Son excelentes comunicadores, de carácter resolutivo y osado. Cumplen con el perfil de buenos candidatos para afrontar iniciativas de innovación y reingeniería. Pero nada es lo que parece. Esta triada constituye solo la parte visible y amable de un síndrome clínico conocido como enfermedad del poder. Un verdadero desequilibrio emocional; en el mismo paquete se presentan con imperiosa necesidad de adulación, con incapacidad manifiesta para soportar la crítica y con la percepción de ser imprescindible. En realidad, como no se puede engañar toda la vida a todo el mundo, solo confunden en sus fases iniciales a los incautos.
En este principio de siglo todo es cambiante. Ni la enfermedad del poder es lo que era. Clásicamente se visualizaba con claridad en monarcas, primeros ministros, propietarios de poderosos imperios económicos, terratenientes o a gobernantes del máximo nivel después de esplendorosas campañas. Mira por donde, la enfermedad ya afecta a una parte del pueblo llano. En su vertiente populista, no se la conoce como enfermedad del poder sino como borrachera de poder. La asociación terminológica con la intoxicación etílica la hace más mundana. A día de hoy se ve, se vive y se sufre hasta en las pequeñas y míseras jerarquías de las instituciones.
Lejos de resolver los problemas, los borrachos del poder, crean decadencia, enfrentamiento e ineficiencia. A punto de la jubilación pueden continuar sumidos en magnas iniciativas que llevan arrastrando desde su juventud y que solo están en su pobre mente enferma. El poder les ocasiona cambios en su estado mental, les hace perder la cabeza y les conduce a un deterioro irreversible. Lo más triste, dejan muchas víctimas inocentes. Por el camino se quedan centenares de afectados; su pecado haberse encontrado un borracho del poder en su camino.

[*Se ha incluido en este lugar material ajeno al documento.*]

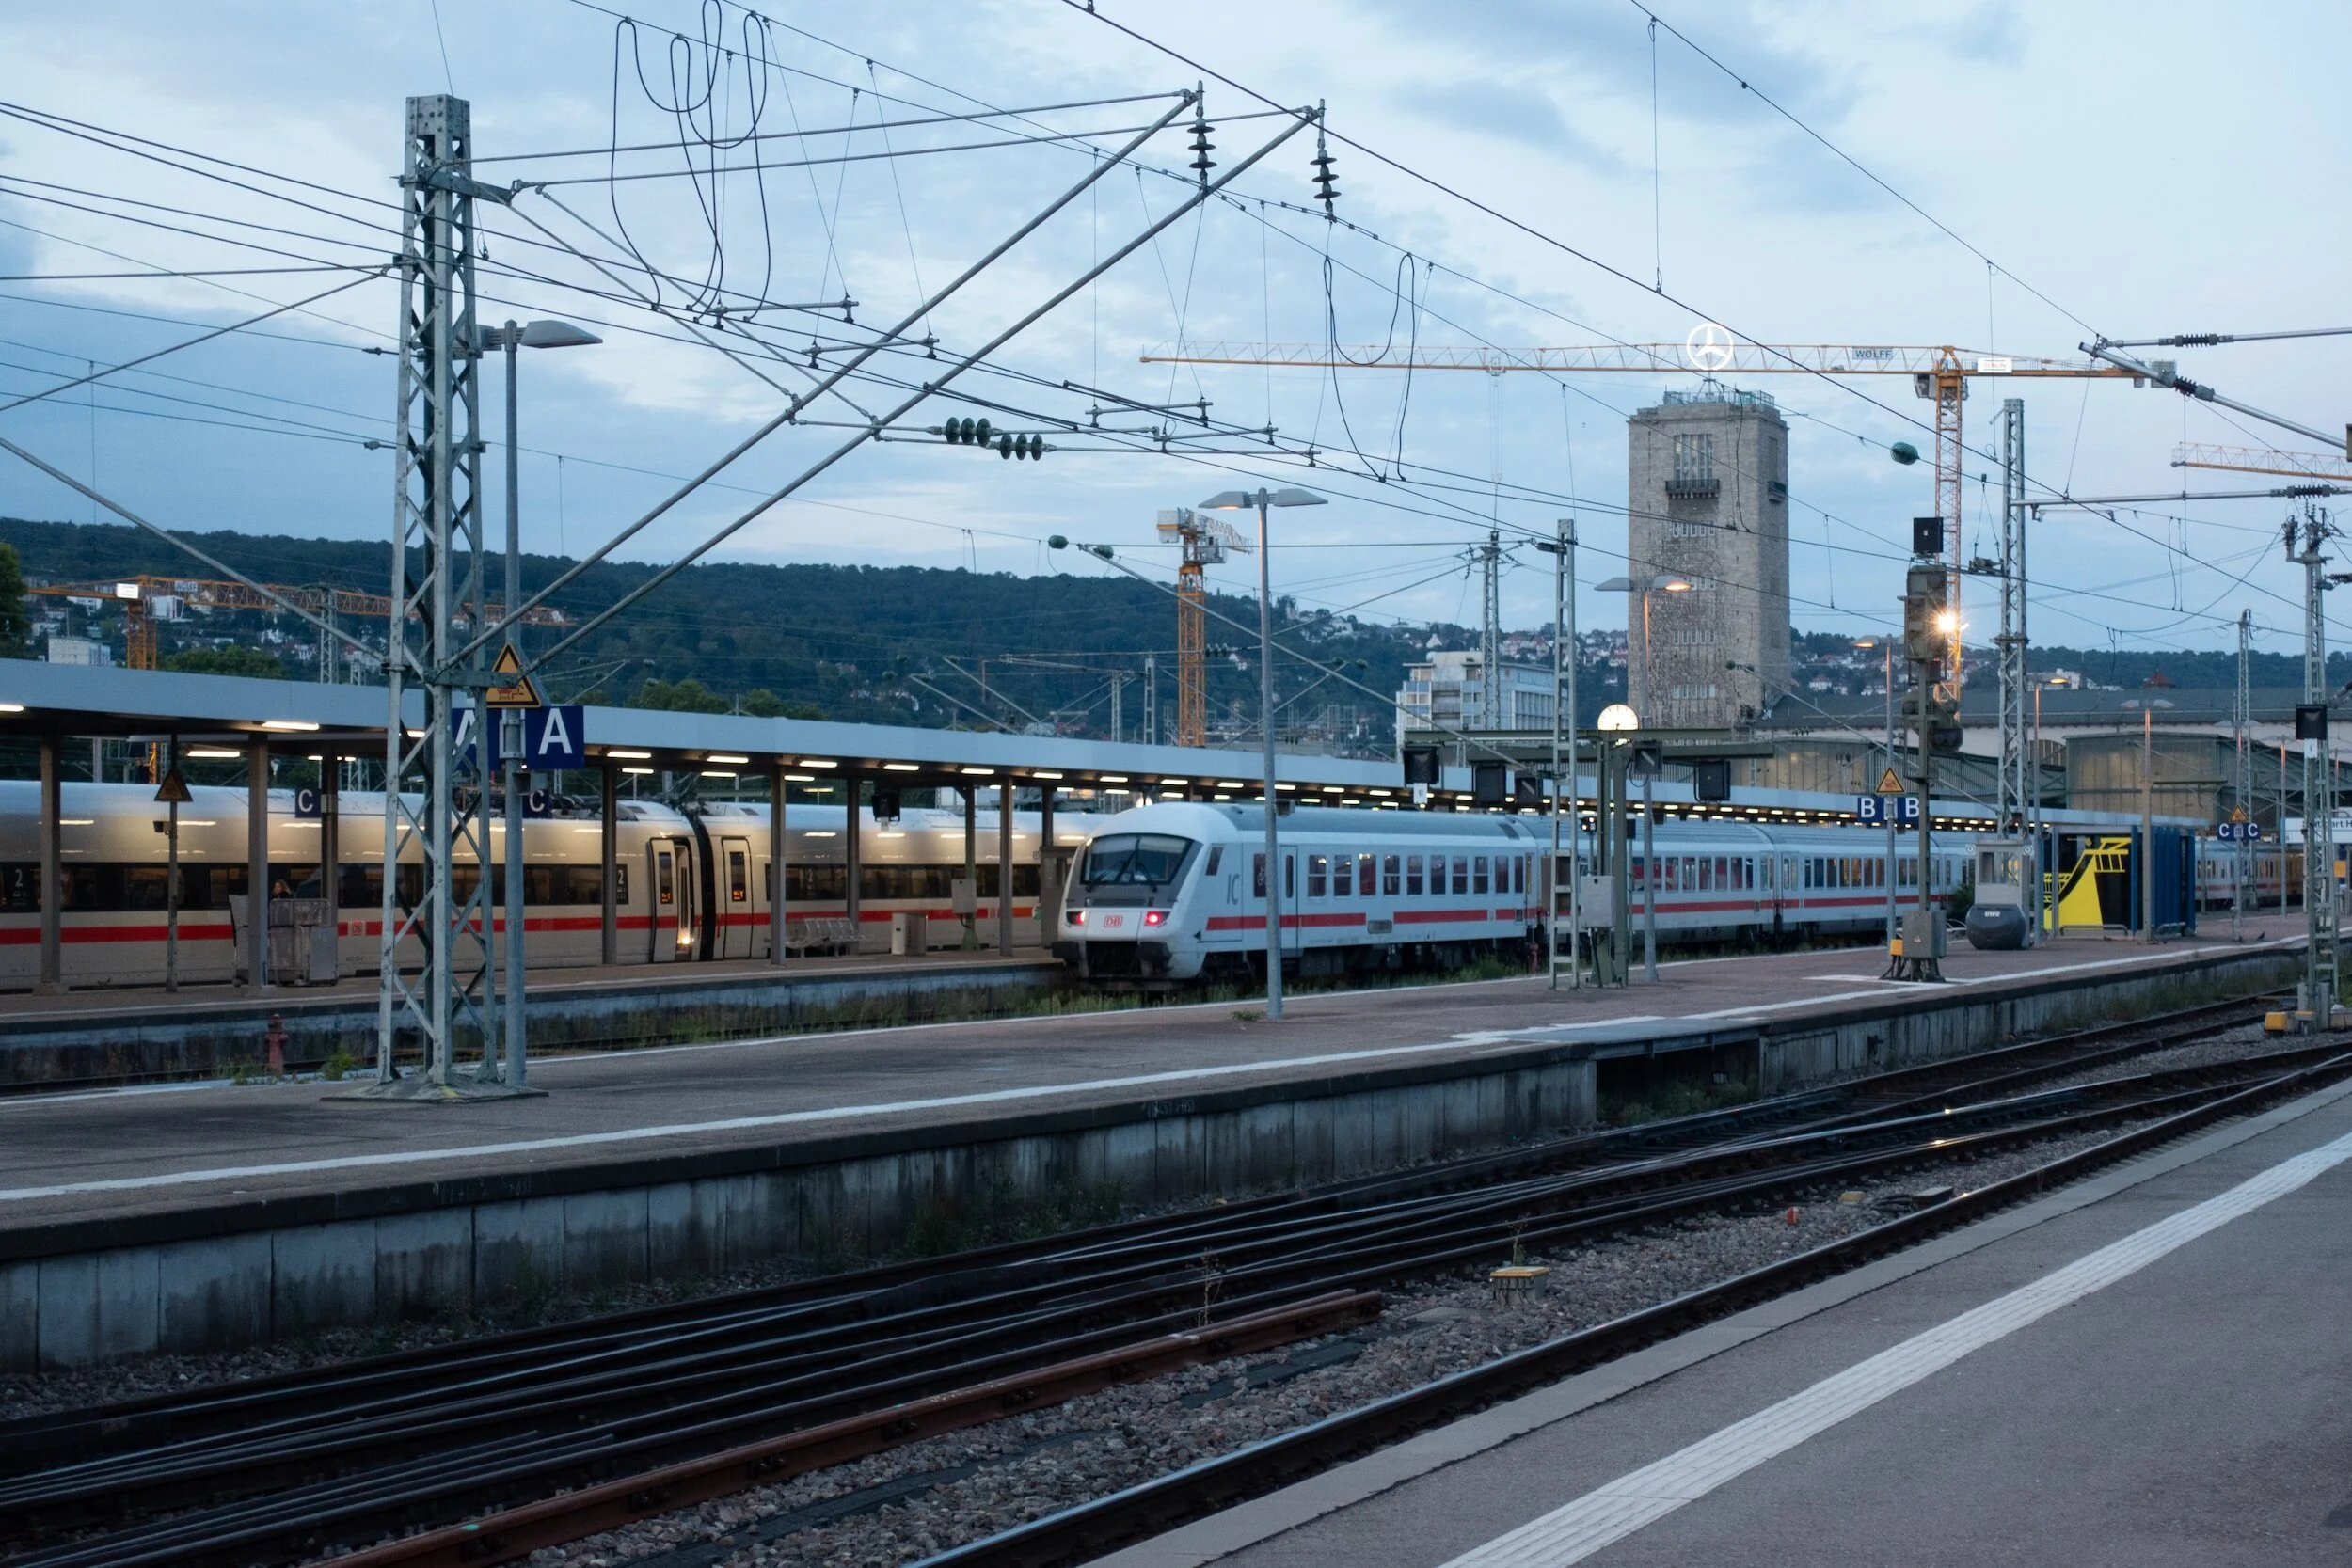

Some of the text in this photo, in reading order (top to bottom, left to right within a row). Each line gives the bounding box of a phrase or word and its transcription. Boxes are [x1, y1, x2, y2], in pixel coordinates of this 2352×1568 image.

[1855, 349, 1892, 358] WOLFF
[538, 707, 573, 755] A
[298, 788, 313, 812] C
[529, 789, 545, 813] C
[1861, 797, 1876, 818] B
[1905, 797, 1919, 818] B
[2218, 823, 2229, 837] C
[2248, 823, 2258, 837] C
[14, 868, 24, 887] 2
[618, 869, 624, 884] 2
[1227, 873, 1240, 905] IC
[1105, 916, 1121, 927] DB
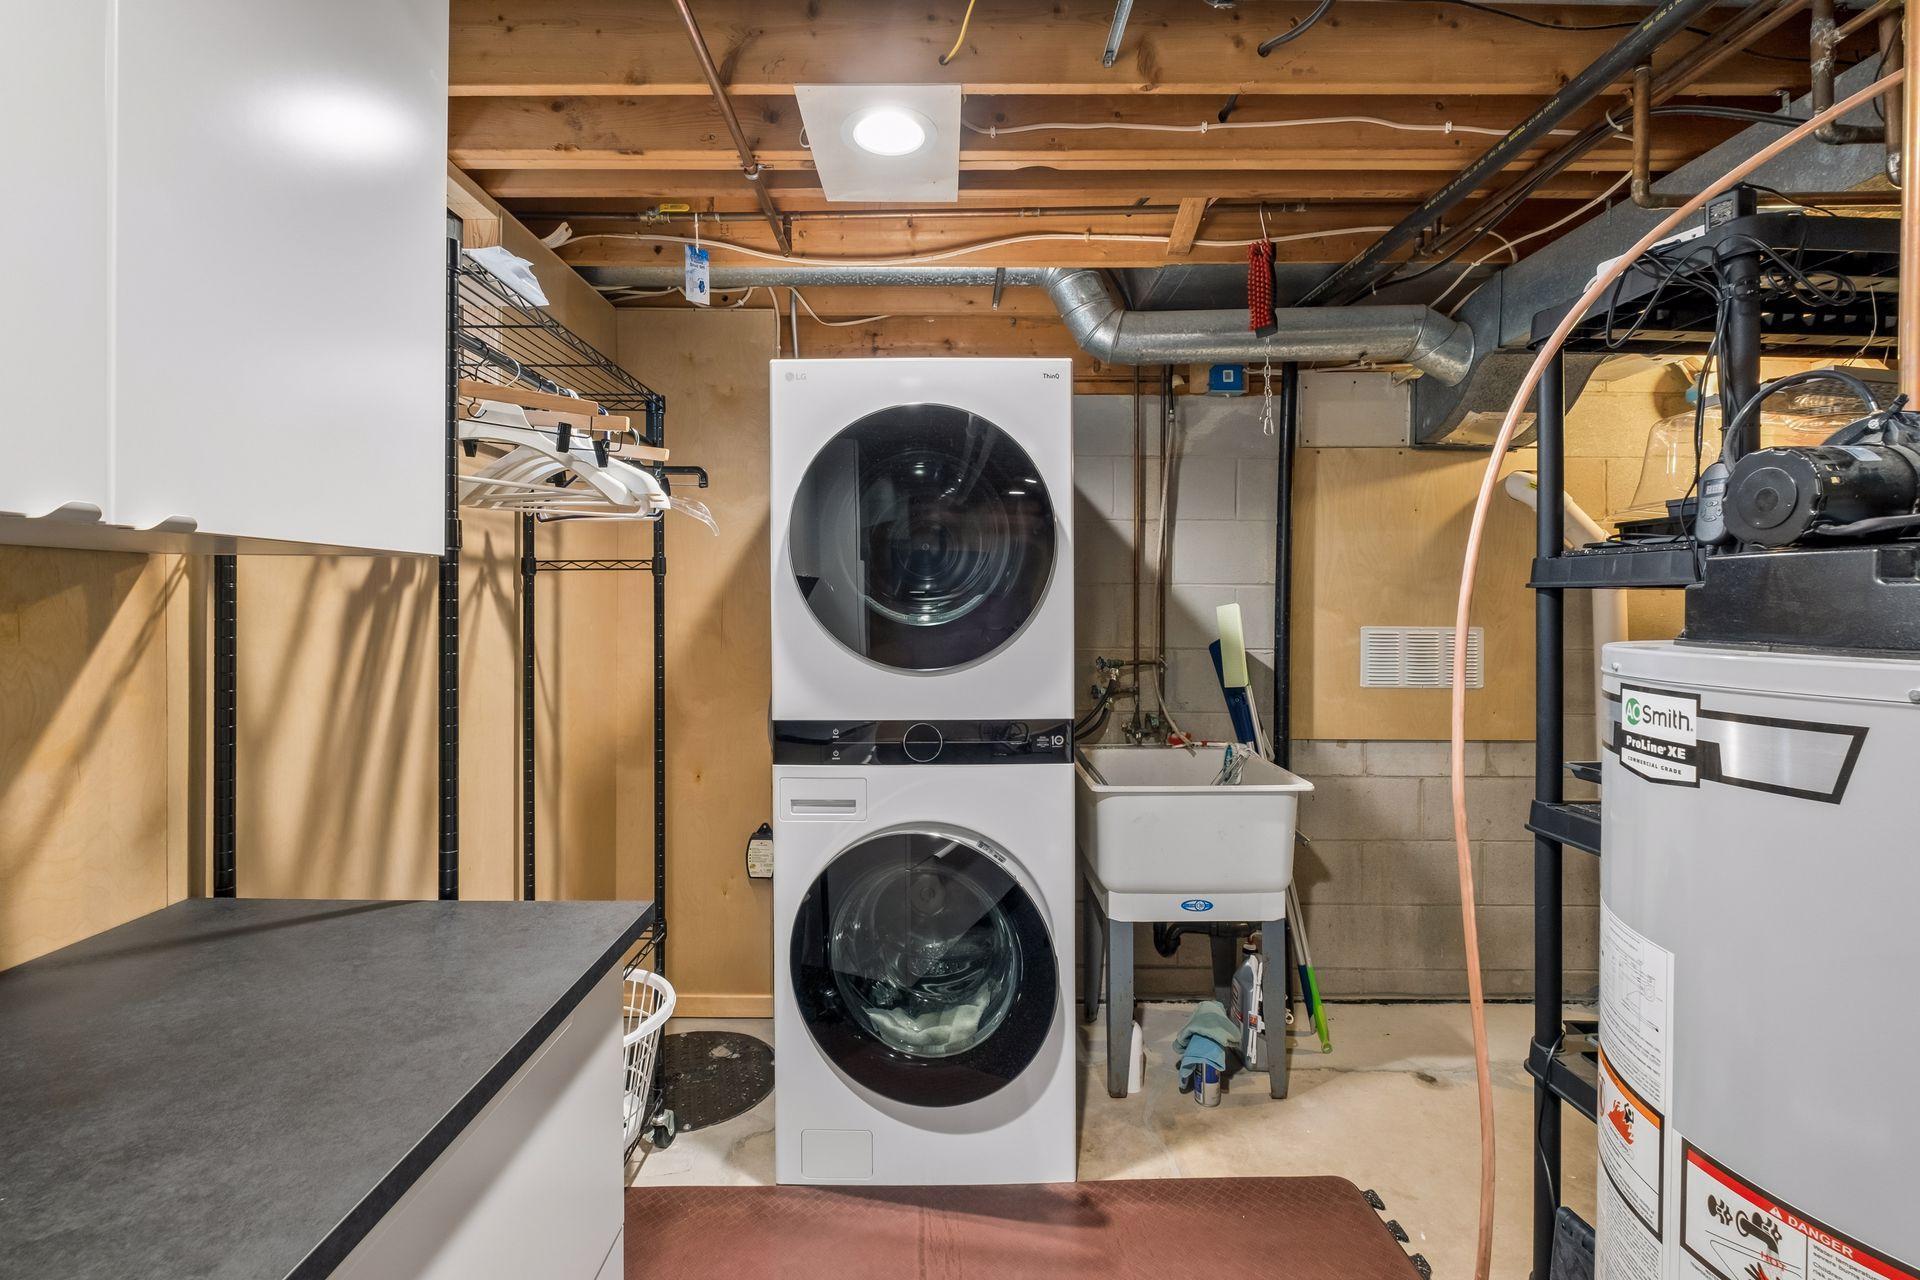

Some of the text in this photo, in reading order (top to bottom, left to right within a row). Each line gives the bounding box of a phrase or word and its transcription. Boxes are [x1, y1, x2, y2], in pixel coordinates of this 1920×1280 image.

[795, 373, 807, 381] LG
[1642, 705, 1690, 731] Smith
[1667, 745, 1686, 760] XE
[1627, 755, 1682, 775] COMMERCIAL GRADE
[1788, 1217, 1855, 1259] DANGER

Son tóxicos, arrogantes y usan la mentira, no, no es que mientan, es que usan la mentira de forma compulsiva. El poder no solo corrompe también enferma. En este caso el dominio del poder les hace perder la cabeza. Vaya si la pierden. Es un verdadero desorden de la personalidad, que se presenta con una constelación de síntomas entre los que prevalecen la desmesura, la incapacidad para escuchar a la gente con conocimiento y sensata en tanto que alinean su paranoia con sus despiadados modos de mantenerse en la nada.
Cuando David Owen, médico galés, laborista, ex ministro británico de Sanidad, que tras el paso por la política en la de década de los 90, profundizó en el estudio del cerebro humano y en los cambios que produce el poder en las personas especificó que este trastorno de conducta debería ser estudiado de forma independiente dentro de las enfermedades mentales. Incluso recomendó que la propia Organización Mundial de la Salud lo incluyera con su propio un código en la Codificación Internacional de Enfermedades.
¿Por qué se lo cuento? Por pedagogía. Hay que evitar los Hybris, enfermos o borrachos del poder como sea. Son dañinos y en su entorno tarda en volver a crecer la hierba.
¿Que si es un trastorno frecuente? Quien más quien menos tiene un hybris en su vida y aspira a que alguien normal le suceda en sus responsabilidades. Salud amigos, salud física y mucho aguante psíquico, que lo van a necesitar.